My sps reef is relatively new (6 months) and I've started with curated live rock from a very good local store ( I'm located near Paris in France). Added some substrate a couple of days before and 4weeks later I added some AF pink dry rock (biggest mistake I think and problem source) very coarse, because I didn't wanted to go BB and wanted to apply a lot of flow.

Fastforward to 2-3 month ago +-, I have added a lot of sps frags and only 3 fishes (gem tang, 6line and banggai). I always liked using a refugium so chaeto is growing very well. Because of the low bio load, refugium and quite some sps frags I've started dosing nitrates and slightly some PO4 along with aminos. It was a quick success since frags stated encrusting and, color-up and I had found a good equilibrium with light feeding + dosing NO3 and PO4.
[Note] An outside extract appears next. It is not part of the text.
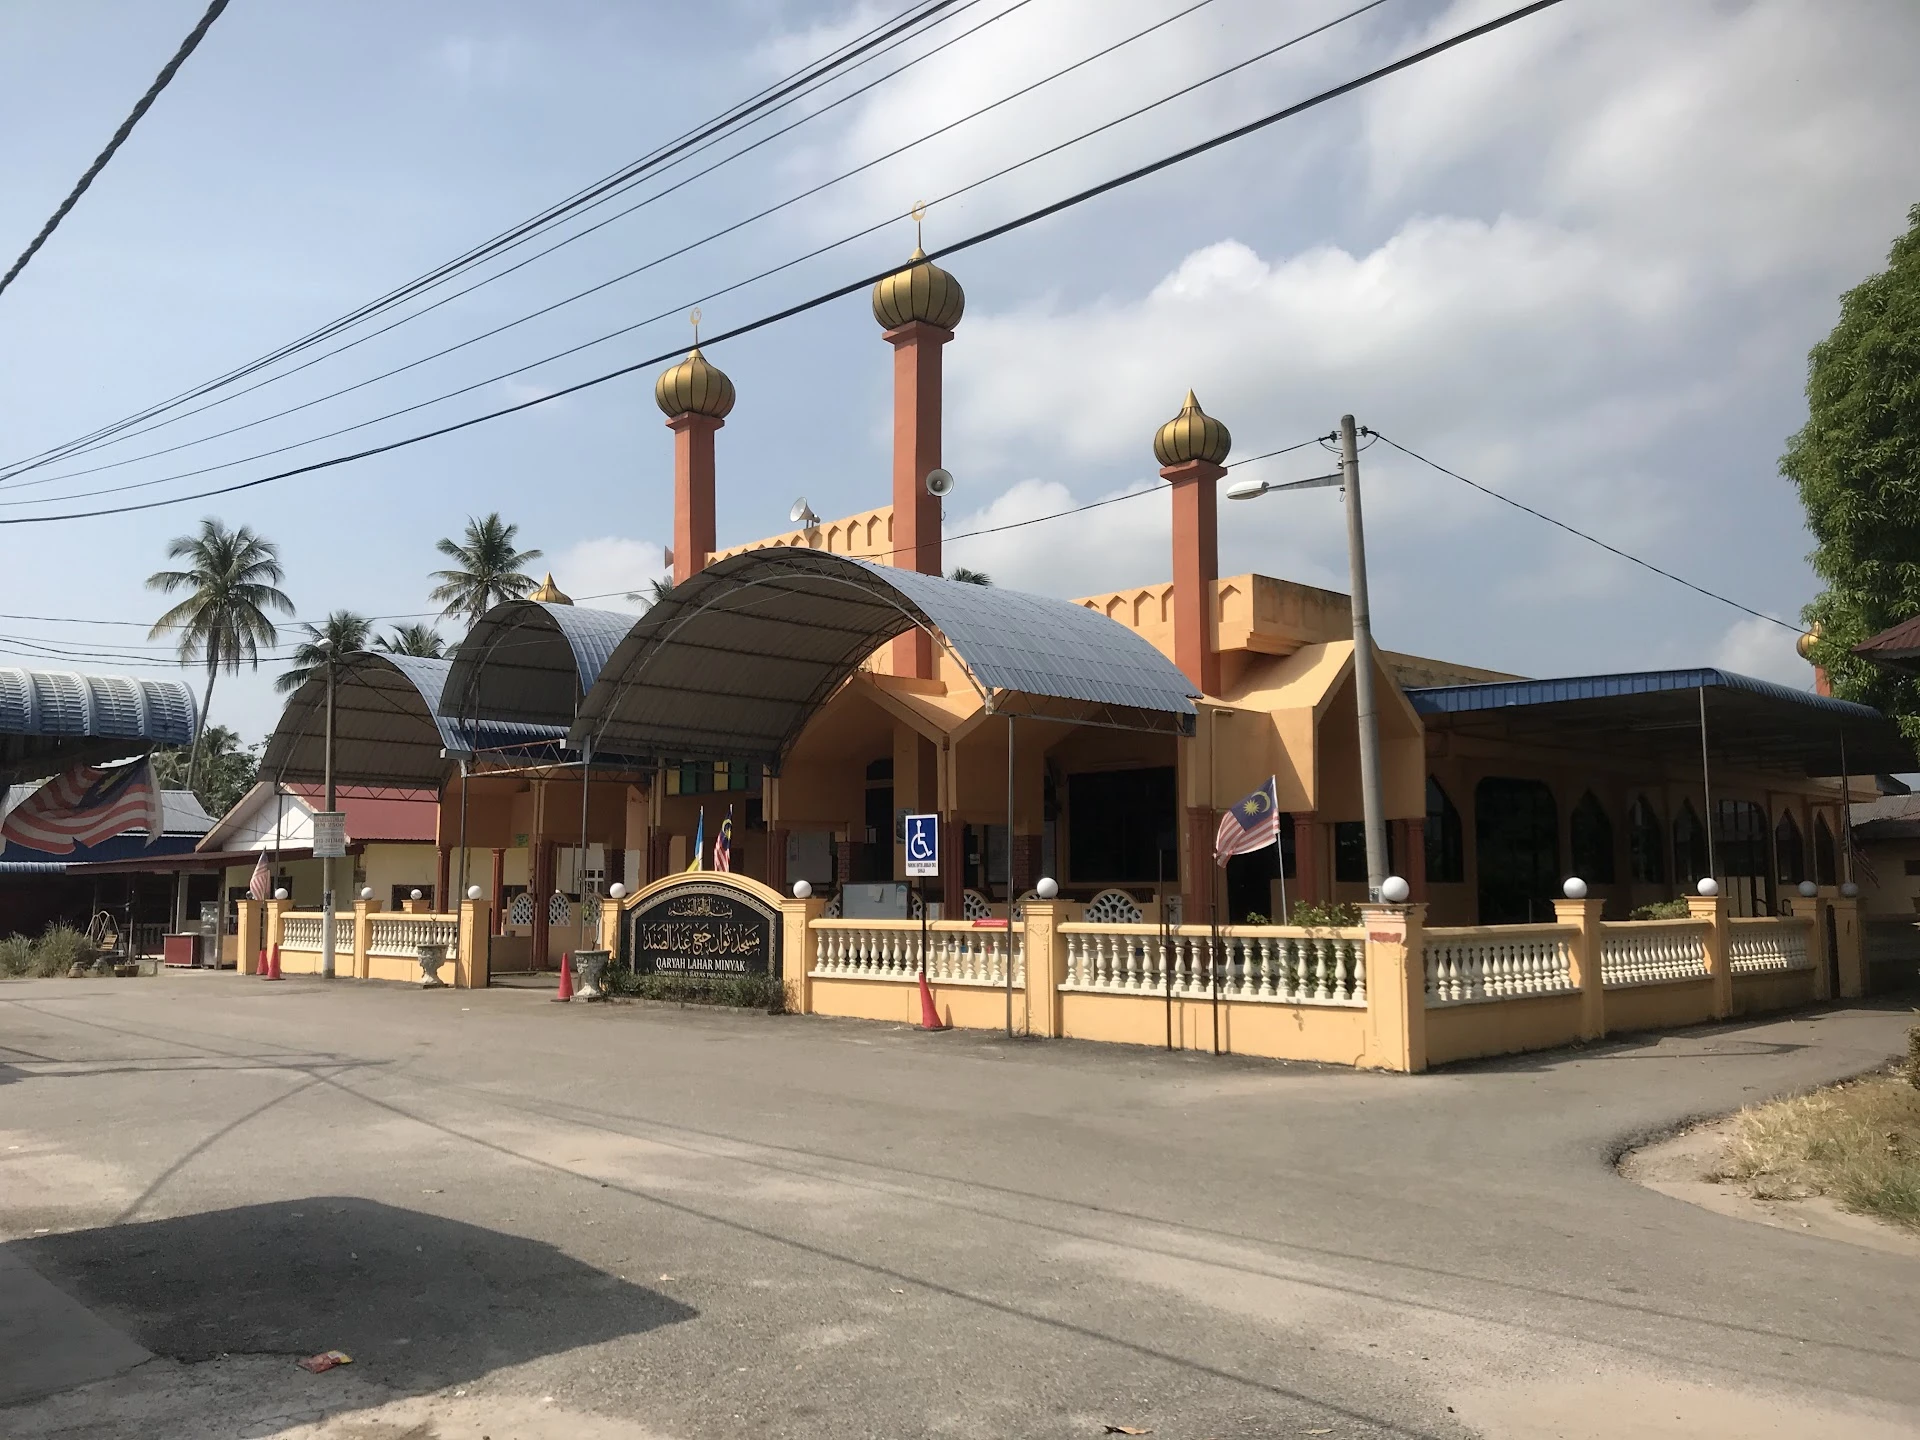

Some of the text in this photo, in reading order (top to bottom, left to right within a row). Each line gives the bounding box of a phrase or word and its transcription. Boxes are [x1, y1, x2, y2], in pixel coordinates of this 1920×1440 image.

[656, 957, 746, 972] QARYAH LAHAR MINYAK
After 3-4 weeks some corals started to go pale (mainly montipora) so I tested potassium. Indeed it was depleted, so started slowly dosing it too. From that point algae was still under control and I kept this routine.
1 month ago I had another sps frag batch and decided to icp test (results below). Salinity was low (my refractometer is consistently showing 1.026 but who knows...) so I slowly corrected that. A part from this some trace elements were off. I had K+ and A- from tropic marin and decided to dose it too. Very slowing ramping up to recommended dose.
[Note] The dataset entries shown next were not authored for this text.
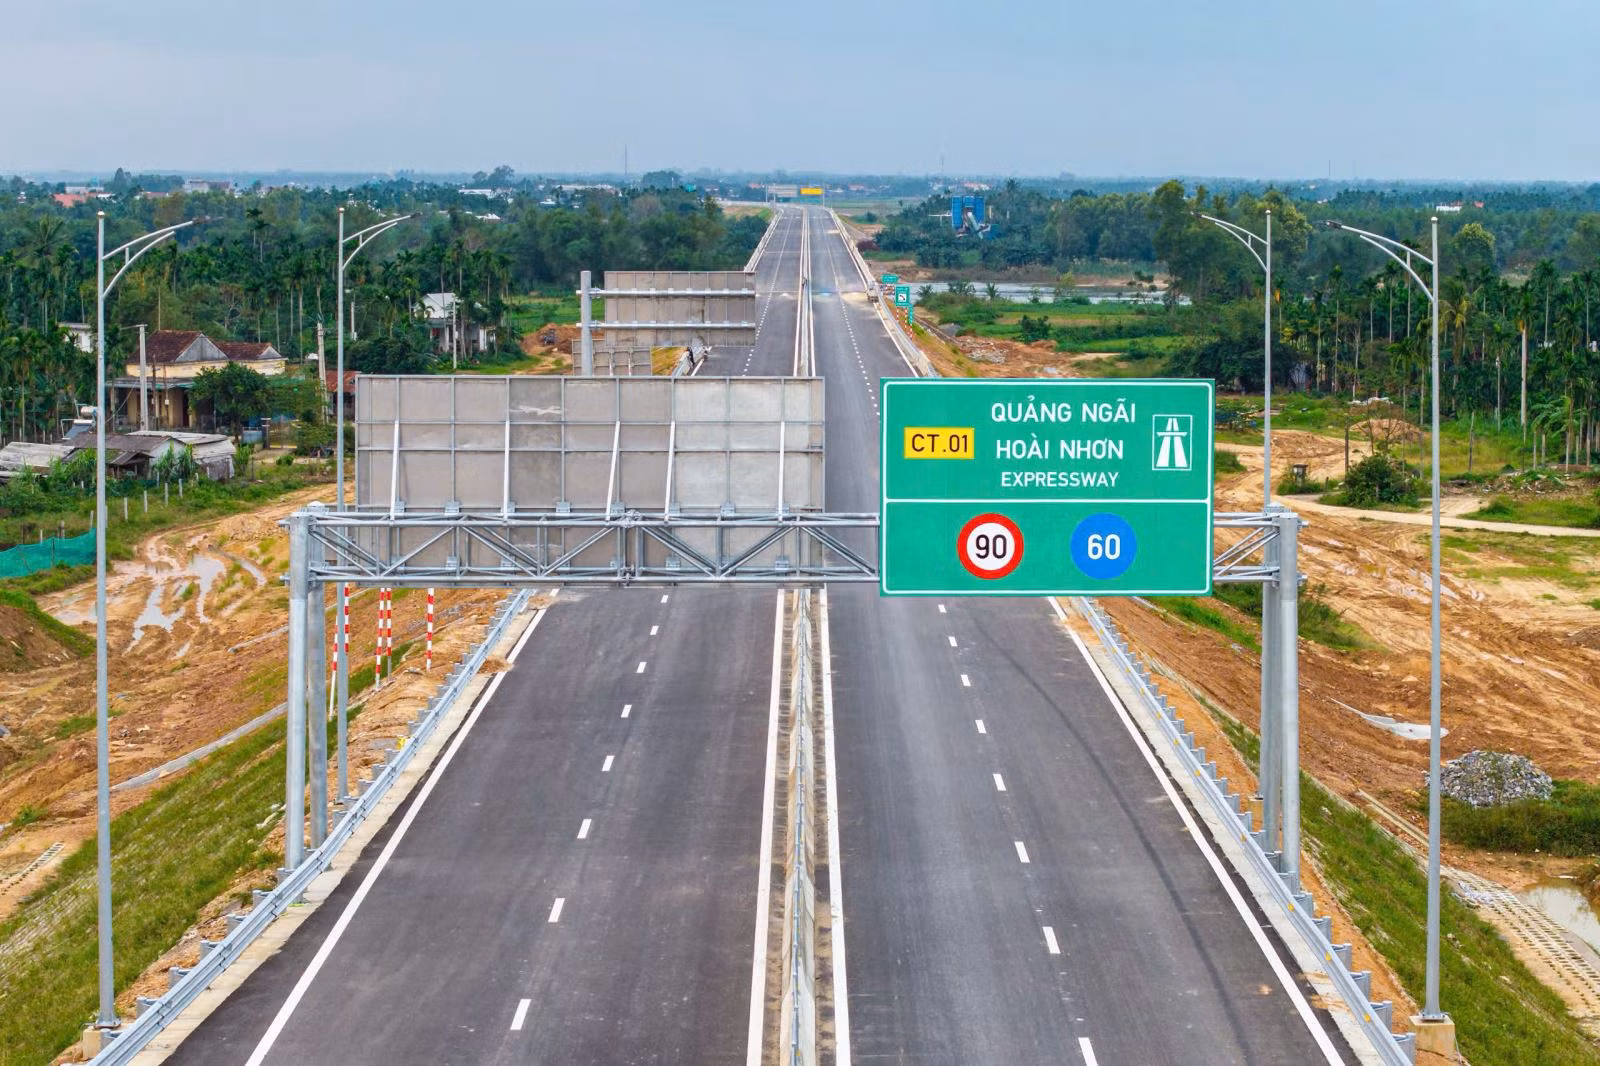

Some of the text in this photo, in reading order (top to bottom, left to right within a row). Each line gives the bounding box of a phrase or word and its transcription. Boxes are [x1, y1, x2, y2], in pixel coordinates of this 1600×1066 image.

[991, 394, 1136, 423] QUẢNG NGÃI
[911, 433, 968, 453] CT.01
[996, 432, 1124, 460] HOÀI NHƠN
[1001, 471, 1119, 487] EXPRESSWAY
[975, 534, 1007, 560] 90
[1087, 533, 1121, 560] 60
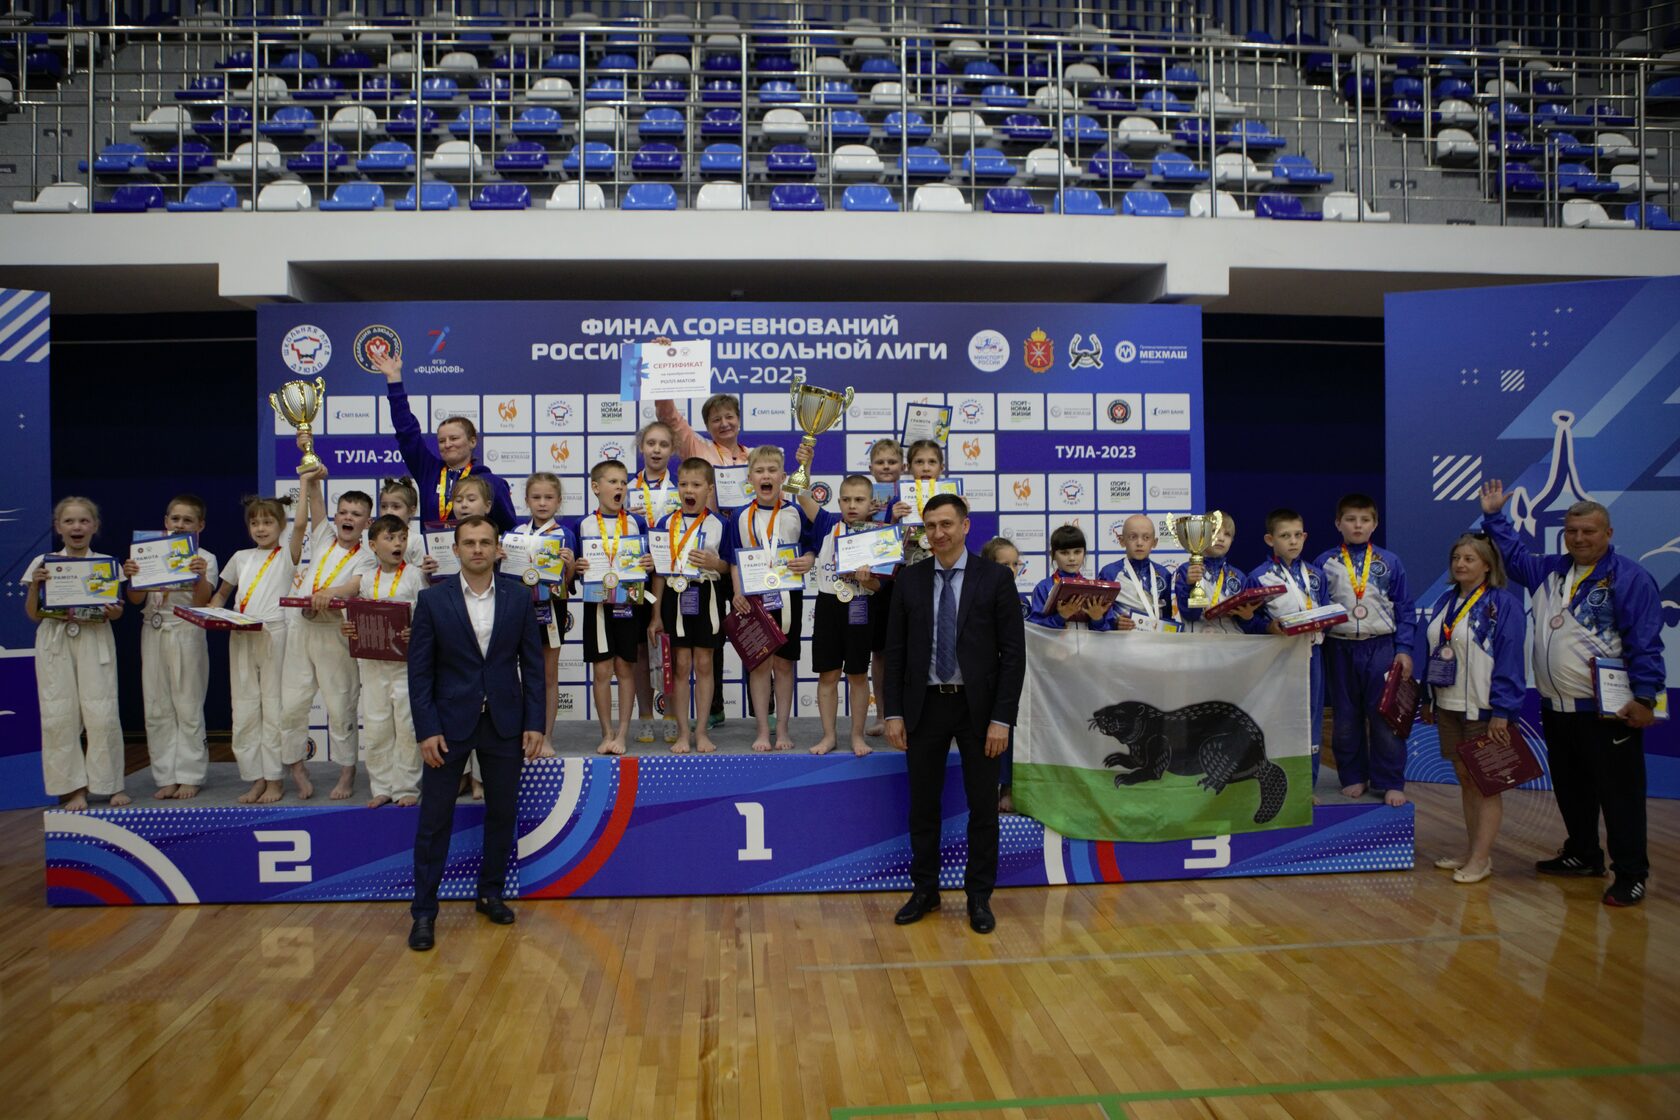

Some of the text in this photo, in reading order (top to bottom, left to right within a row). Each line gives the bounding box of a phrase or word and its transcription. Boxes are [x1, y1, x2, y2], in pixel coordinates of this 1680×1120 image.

[581, 315, 898, 335] ФИНАЛ СОРЕВНОВАНИЙ
[532, 338, 947, 360] РОССИ ШКОЛЬНОЙ ЛИГИ
[1139, 350, 1188, 360] МЕХМАШ
[414, 365, 465, 375] «ФЦОМОФВ»
[653, 361, 704, 370] СЕРТИФИКАТ
[709, 367, 807, 384] ЛА-2023
[334, 449, 404, 464] ТУЛА-20
[1055, 445, 1137, 459] ТУЛА-2023
[735, 802, 773, 860] 1
[254, 830, 312, 883] 2
[1184, 833, 1231, 869] 3
After this small story, we are as of today. This brown algae is taking over but mainly on the AF pink rock. I've looked around and didn't find exactly what kind it is, so any help is
appreciated.

I saw some Silica in the results and RO water but this doesn't look like diatom. This is VERY hard to remove from rock, almost impossible even with a toothbrush. In the microscope nothing is moving so no dyno, no bubbles etc...

From all this anyone has any suggestions? CUC eats a little but for the time being cannot compete. My idea is that the substrate is not adequate and may have accumulated to much detritus and it's feeding the ammonia to this algae...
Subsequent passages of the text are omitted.